(DATA SHOWN Opens)
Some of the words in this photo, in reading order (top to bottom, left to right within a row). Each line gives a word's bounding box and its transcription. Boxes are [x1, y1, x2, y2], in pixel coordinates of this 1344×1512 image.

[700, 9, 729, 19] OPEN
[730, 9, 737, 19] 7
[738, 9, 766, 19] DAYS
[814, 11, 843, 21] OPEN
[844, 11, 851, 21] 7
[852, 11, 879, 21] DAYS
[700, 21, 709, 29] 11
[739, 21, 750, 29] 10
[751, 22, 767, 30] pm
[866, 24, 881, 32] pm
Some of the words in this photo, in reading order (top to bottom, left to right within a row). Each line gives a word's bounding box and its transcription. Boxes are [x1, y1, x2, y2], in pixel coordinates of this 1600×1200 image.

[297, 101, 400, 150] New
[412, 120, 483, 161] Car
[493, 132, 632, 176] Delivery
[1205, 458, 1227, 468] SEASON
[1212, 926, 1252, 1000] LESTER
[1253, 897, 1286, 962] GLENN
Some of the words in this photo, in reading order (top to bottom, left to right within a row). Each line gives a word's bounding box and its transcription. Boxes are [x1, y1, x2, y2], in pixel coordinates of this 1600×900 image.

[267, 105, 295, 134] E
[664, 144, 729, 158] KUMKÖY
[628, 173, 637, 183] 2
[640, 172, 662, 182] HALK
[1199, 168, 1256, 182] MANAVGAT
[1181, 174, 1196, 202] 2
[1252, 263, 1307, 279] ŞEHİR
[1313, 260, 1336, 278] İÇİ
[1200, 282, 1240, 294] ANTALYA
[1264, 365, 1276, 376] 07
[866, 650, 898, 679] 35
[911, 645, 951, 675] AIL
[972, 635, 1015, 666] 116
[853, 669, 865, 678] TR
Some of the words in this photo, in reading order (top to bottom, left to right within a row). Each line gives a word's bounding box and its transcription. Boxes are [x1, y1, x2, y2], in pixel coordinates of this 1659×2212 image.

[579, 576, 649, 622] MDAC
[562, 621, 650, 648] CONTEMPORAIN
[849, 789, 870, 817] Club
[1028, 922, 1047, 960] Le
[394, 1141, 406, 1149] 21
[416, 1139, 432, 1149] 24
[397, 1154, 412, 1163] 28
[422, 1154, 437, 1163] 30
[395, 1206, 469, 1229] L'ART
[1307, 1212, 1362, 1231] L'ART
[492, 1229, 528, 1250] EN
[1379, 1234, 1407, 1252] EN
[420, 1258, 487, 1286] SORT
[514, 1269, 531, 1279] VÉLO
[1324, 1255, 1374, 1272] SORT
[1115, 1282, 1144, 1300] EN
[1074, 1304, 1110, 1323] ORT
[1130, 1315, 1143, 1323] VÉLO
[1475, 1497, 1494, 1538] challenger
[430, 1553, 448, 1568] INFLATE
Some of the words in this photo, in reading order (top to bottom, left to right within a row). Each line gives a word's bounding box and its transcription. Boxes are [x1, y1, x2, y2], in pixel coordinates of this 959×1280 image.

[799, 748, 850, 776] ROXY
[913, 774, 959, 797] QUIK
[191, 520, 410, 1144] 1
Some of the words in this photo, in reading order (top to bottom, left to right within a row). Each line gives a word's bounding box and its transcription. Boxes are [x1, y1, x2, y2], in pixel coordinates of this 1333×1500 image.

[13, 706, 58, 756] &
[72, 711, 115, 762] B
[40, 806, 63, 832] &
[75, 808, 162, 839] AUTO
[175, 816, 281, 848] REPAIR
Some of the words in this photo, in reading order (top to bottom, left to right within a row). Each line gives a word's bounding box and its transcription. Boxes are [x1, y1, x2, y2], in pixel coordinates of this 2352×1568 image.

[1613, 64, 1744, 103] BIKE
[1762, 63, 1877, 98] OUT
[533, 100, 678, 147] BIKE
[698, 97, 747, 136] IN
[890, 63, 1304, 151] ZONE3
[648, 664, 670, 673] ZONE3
(DATA SHOWN Closes)
WHAT YOU ARE ASKED TO DO:
Each of the lines from the one holding "this 959×1280 image." through the final line of the entries is to be set down exactly, and no others.

WRITTEN ANSWER:
Some of the words in this photo, in reading order (top to bottom, left to right within a row). Each line gives a word's bounding box and its transcription. Boxes are [x1, y1, x2, y2], in pixel coordinates of this 959×1280 image.

[799, 748, 850, 776] ROXY
[913, 774, 959, 797] QUIK
[191, 520, 410, 1144] 1
Some of the words in this photo, in reading order (top to bottom, left to right within a row). Each line gives a word's bounding box and its transcription. Boxes are [x1, y1, x2, y2], in pixel coordinates of this 1333×1500 image.

[13, 706, 58, 756] &
[72, 711, 115, 762] B
[40, 806, 63, 832] &
[75, 808, 162, 839] AUTO
[175, 816, 281, 848] REPAIR
Some of the words in this photo, in reading order (top to bottom, left to right within a row). Each line gives a word's bounding box and its transcription. Boxes are [x1, y1, x2, y2], in pixel coordinates of this 2352×1568 image.

[1613, 64, 1744, 103] BIKE
[1762, 63, 1877, 98] OUT
[533, 100, 678, 147] BIKE
[698, 97, 747, 136] IN
[890, 63, 1304, 151] ZONE3
[648, 664, 670, 673] ZONE3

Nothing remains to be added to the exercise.